START Dataset

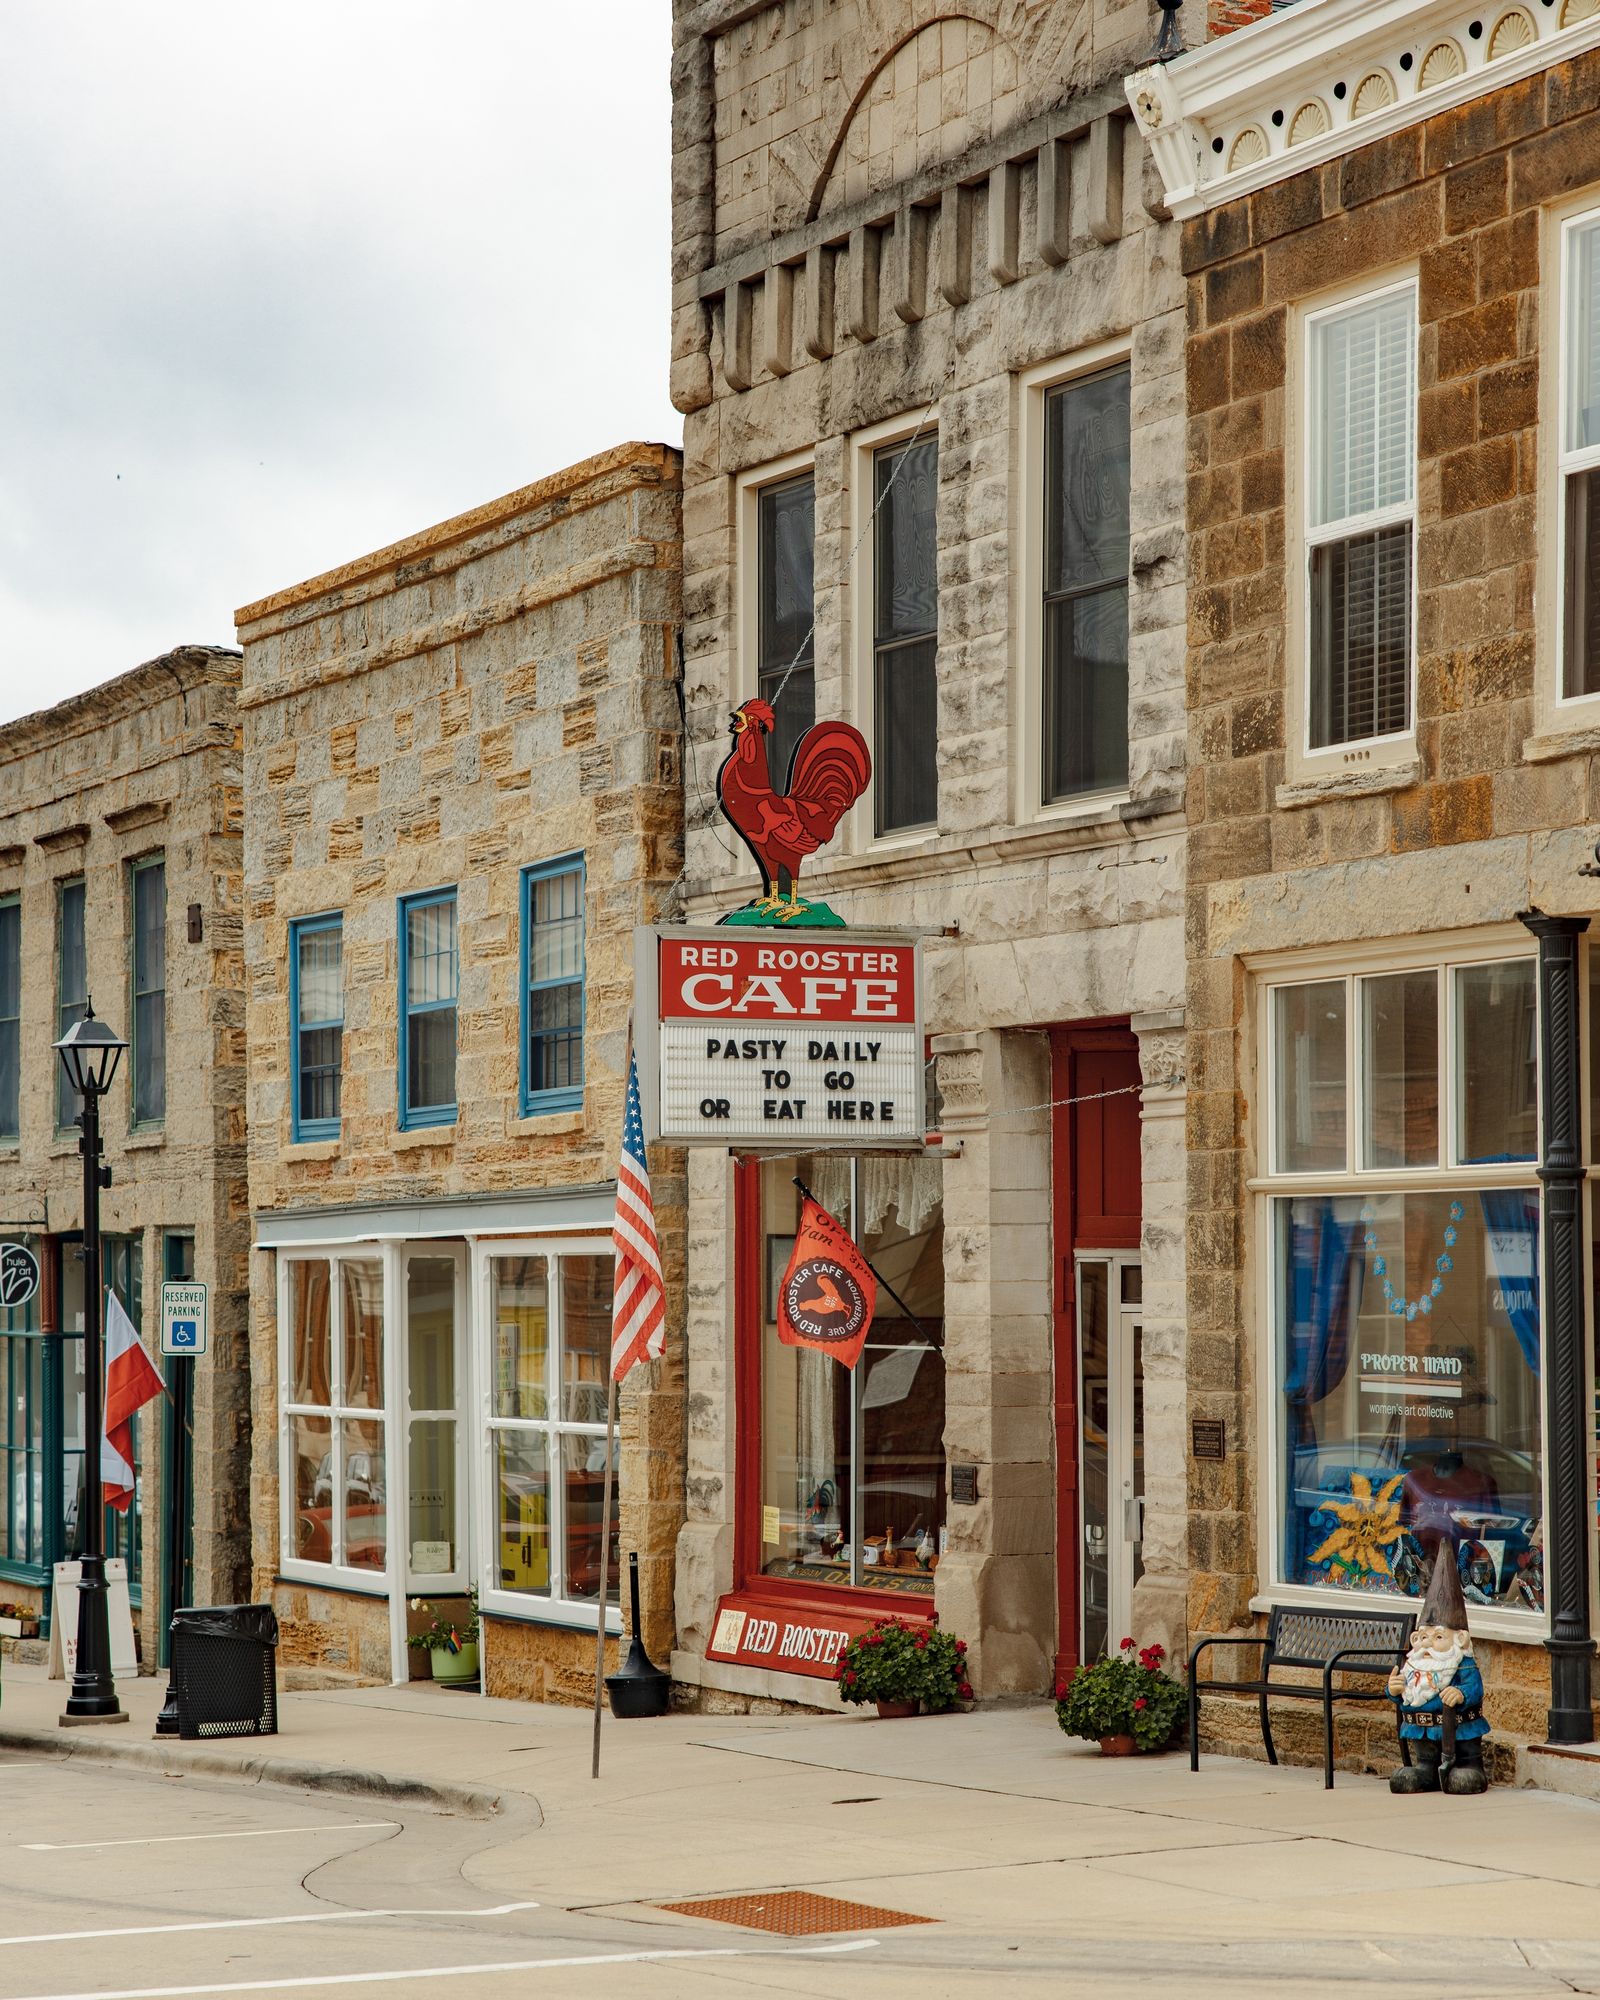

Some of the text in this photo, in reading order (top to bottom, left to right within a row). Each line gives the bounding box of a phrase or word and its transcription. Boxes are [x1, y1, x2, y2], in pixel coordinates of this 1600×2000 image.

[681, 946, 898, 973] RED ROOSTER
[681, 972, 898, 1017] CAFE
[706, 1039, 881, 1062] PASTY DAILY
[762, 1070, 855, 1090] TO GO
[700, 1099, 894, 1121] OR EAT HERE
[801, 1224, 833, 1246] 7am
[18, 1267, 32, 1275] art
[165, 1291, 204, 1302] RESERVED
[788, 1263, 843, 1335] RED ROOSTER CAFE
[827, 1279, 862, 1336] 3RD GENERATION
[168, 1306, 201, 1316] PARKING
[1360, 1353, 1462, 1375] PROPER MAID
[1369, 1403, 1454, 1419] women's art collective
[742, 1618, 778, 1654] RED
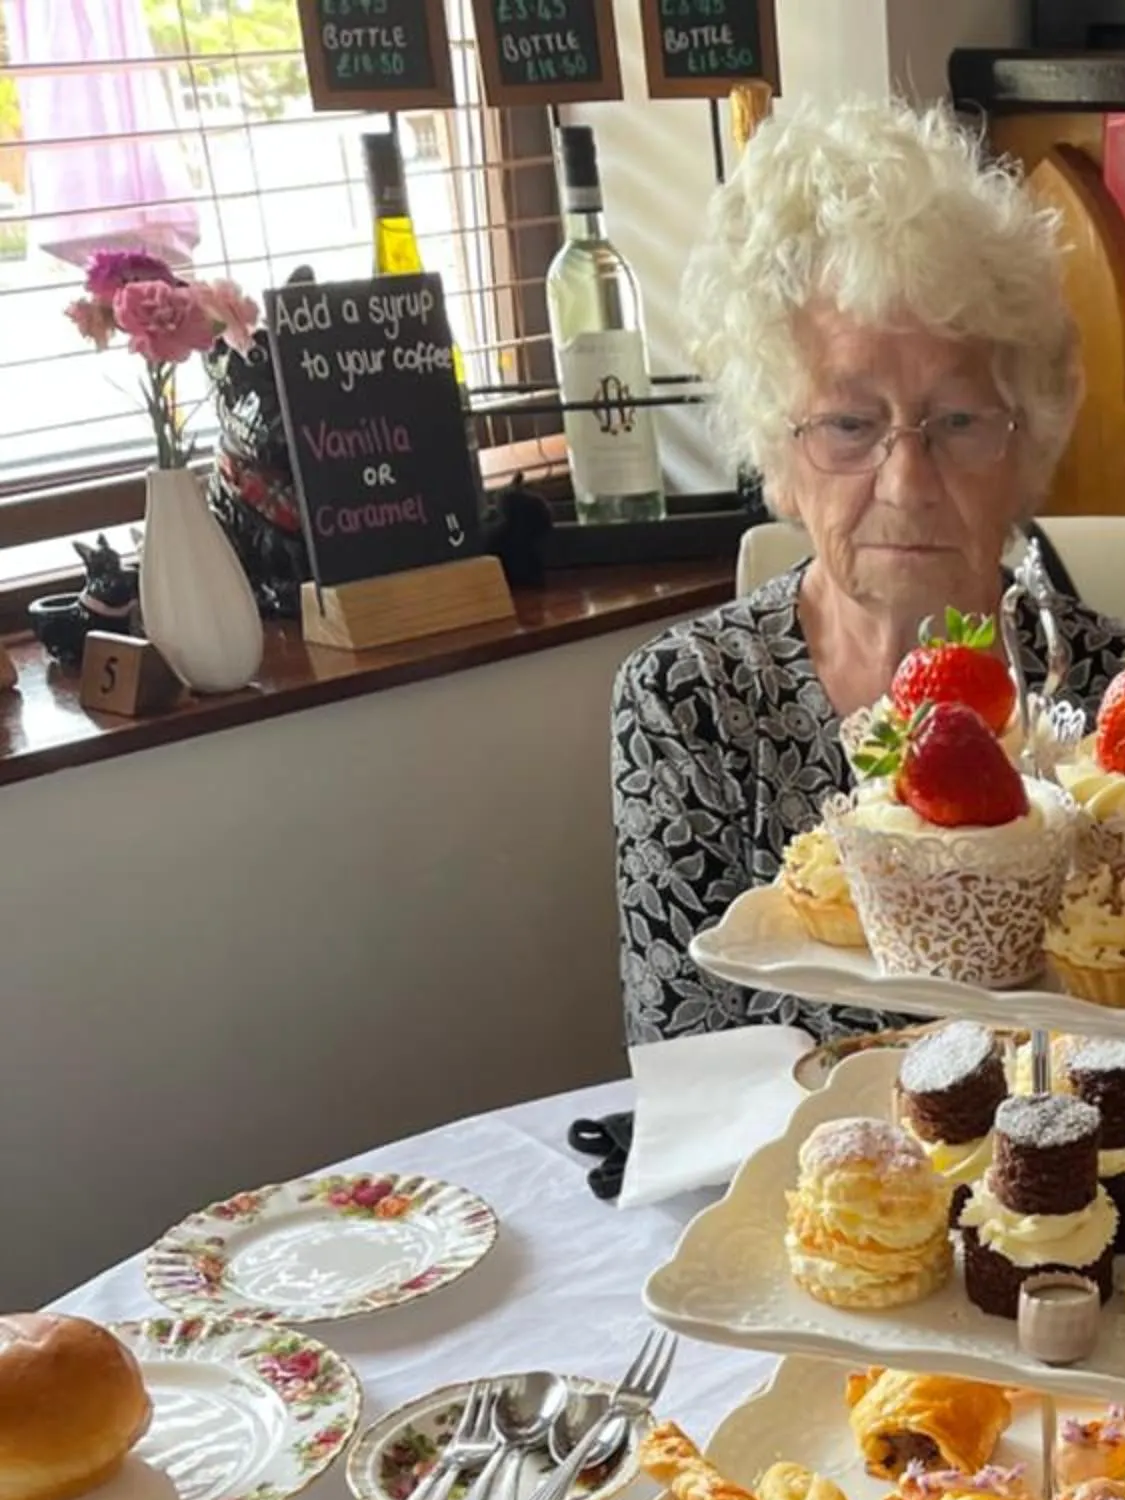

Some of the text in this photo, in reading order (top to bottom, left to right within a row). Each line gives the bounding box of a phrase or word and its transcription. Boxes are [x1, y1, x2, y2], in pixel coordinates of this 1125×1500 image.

END Dataset

**Work required:**
Pictures should be skipped, and the records retyped word for word.

**Reply to the exercise:**
Some of the text in this photo, in reading order (top to bottom, left to right within a row). Each line gives the bounding box of a phrase or word and its transcription. Boxes are [x1, y1, x2, y2], in pixel coordinates of this 1600×2000 image.

[681, 946, 898, 973] RED ROOSTER
[681, 972, 898, 1017] CAFE
[706, 1039, 881, 1062] PASTY DAILY
[762, 1070, 855, 1090] TO GO
[700, 1099, 894, 1121] OR EAT HERE
[801, 1224, 833, 1246] 7am
[18, 1267, 32, 1275] art
[165, 1291, 204, 1302] RESERVED
[788, 1263, 843, 1335] RED ROOSTER CAFE
[827, 1279, 862, 1336] 3RD GENERATION
[168, 1306, 201, 1316] PARKING
[1360, 1353, 1462, 1375] PROPER MAID
[1369, 1403, 1454, 1419] women's art collective
[742, 1618, 778, 1654] RED

Some of the text in this photo, in reading order (top to bottom, left to right within a row). Each line gives the bounding box of a phrase or word and its transcription. Boxes are [x1, y1, x2, y2], in pixel coordinates of this 1125×1500 image.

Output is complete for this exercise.